Parce que j’avais osé la défier et modifier ses plans, elle m’avait maudit pour le reste de mon existence en me tamponnant la peau d’un crachat indélébile.  
Une tache de vin.  
La moitié du corps. De la racine des cheveux à la base du dos. Tout le côté droit. Et les mains aussi.  
En me marquant ainsi au fer rouge, j’étais devenu mi-homme, mi-mort, nulle part à ma place et rejeté des deux mondes.  
 
Détonation.  
 
Quatre. 
 
Depuis le cul-de-sac originel, ma naissance en 1903, jusqu’à l’âge des interrogations, vers quatre ou cinq ans, je n’étais absolument pas incommodé par ma différence charnelle.  

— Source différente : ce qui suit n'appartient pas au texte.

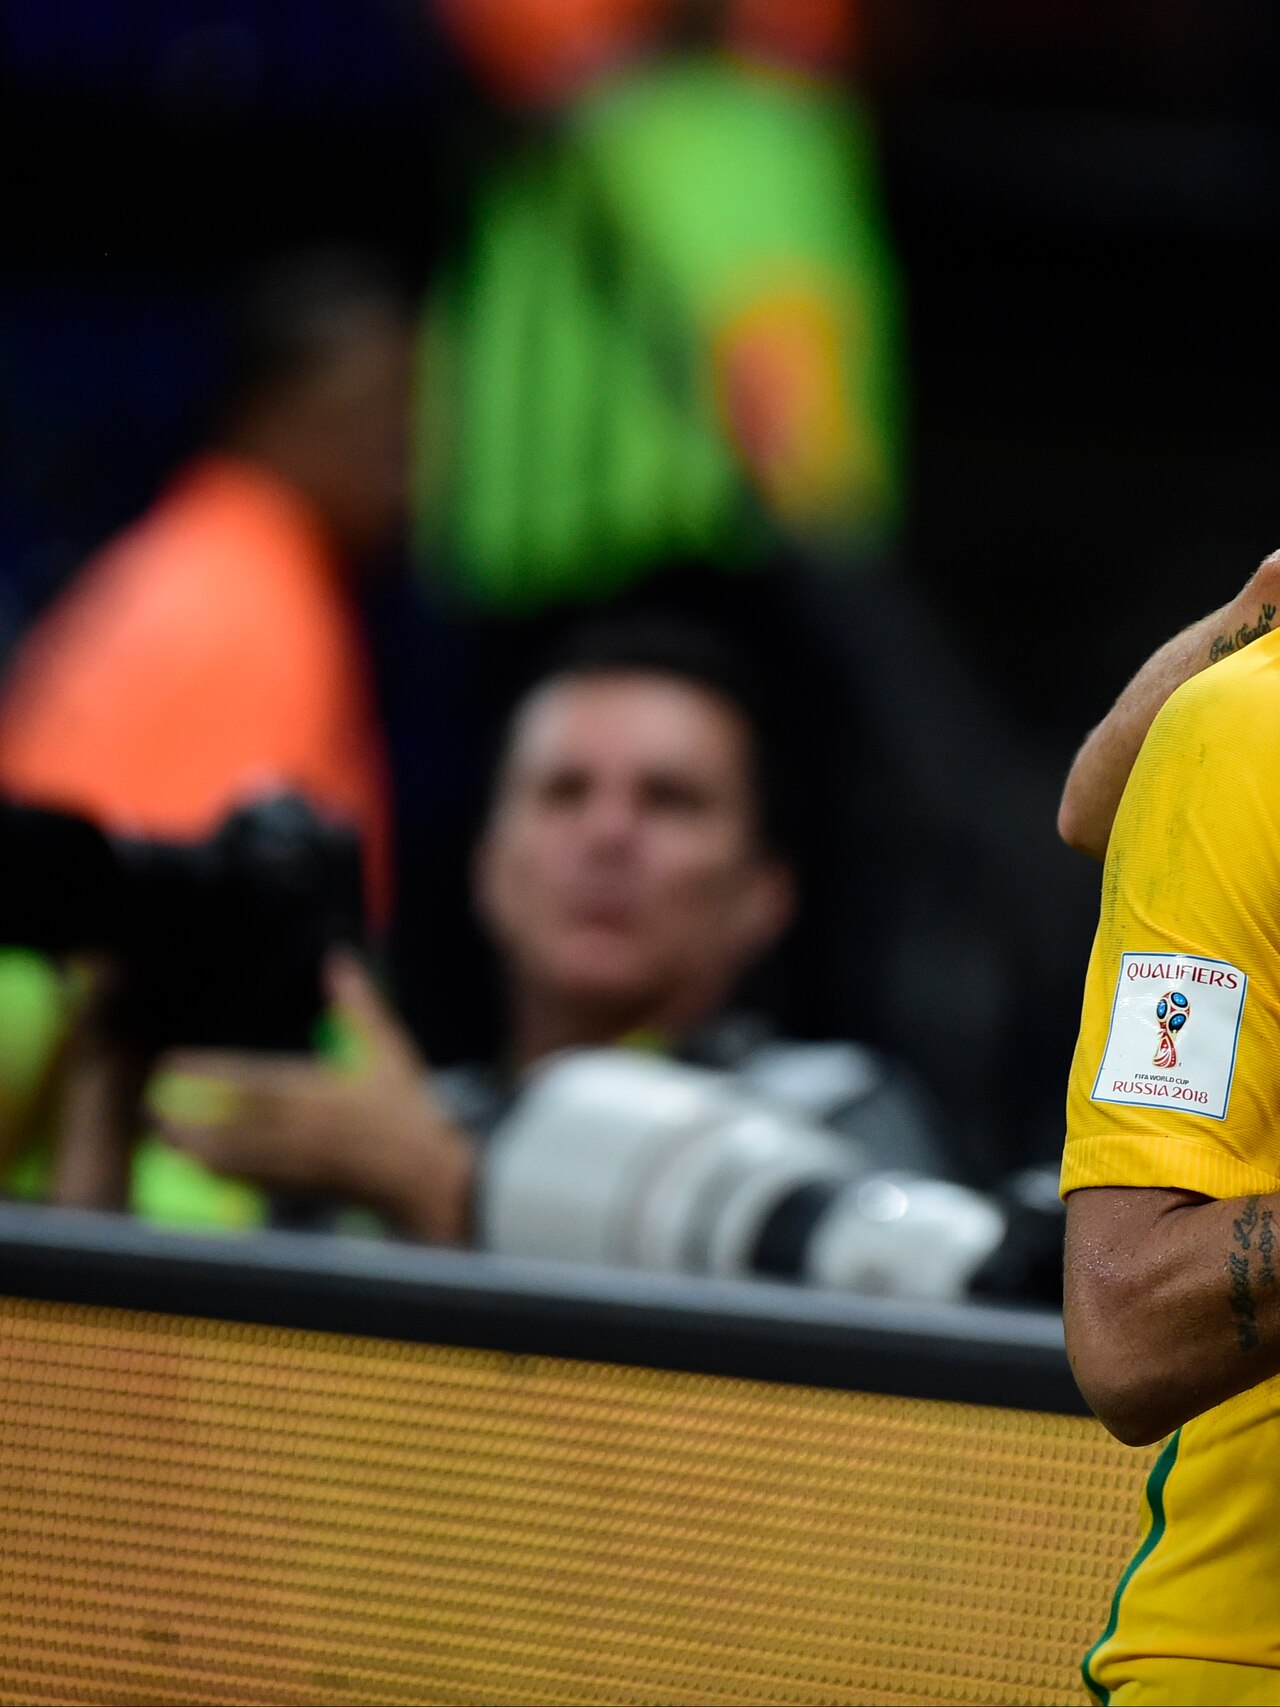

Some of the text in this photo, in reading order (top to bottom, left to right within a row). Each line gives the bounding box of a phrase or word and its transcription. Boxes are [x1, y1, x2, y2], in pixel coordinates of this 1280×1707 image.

Les gens me regardaient bizarrement, leurs ignobles yeux effarés me fuyaient ou me dévisageaient avec une attention scientifique, parfois même en me montrant du doigt. Mais je m’en foutais. Je me réjouissais d’être le centre de tous. J’entendais des rires sur mon passage, des « Mon dieu ! » compatissants ou des « va-t’en ! » effrayés ; je riais aux éclats quand les enfants plus vieux faisaient une ronde autour de moi et qu’ils chantaient l’histoire du vilain, toujours cette même chanson dédiée seulement à moi. J’étais bien.  
Pas pour longtemps.  
 
Détonation. 
 
Trois. 
 
J’avais grandi. Et je savais maintenant.  
J’étais resté le centre des commentaires mais un centre détesté, haï à cause de ma peau et de mon apparence. Je gardais la tête basse, je frôlais les murs pour éviter les regards, j’attendais la nuit pour rentrer chez moi et partais tôt le matin, bien avant le soleil. C’était le temps de l’école et des règlements de compte, le temps des cocards et du martinet, le temps de la solitude, le temps de mes dix ans. Jusqu’à cet âge-là, j’ai gardé le prénom dont mes géniteurs m’avaient affublé. Émile. Dans leurs projets initiaux, je devais m’appeler Michael, signifiant « qui est comme dieu ». Cependant, dès mon arrivée chez les vivants, mon père n’eut pas le cœur d’offenser le Seigneur. Il avait demandé comment se nommait l’infirmier. Il s’appelait Émile. Ça n’a pas tenu longtemps.  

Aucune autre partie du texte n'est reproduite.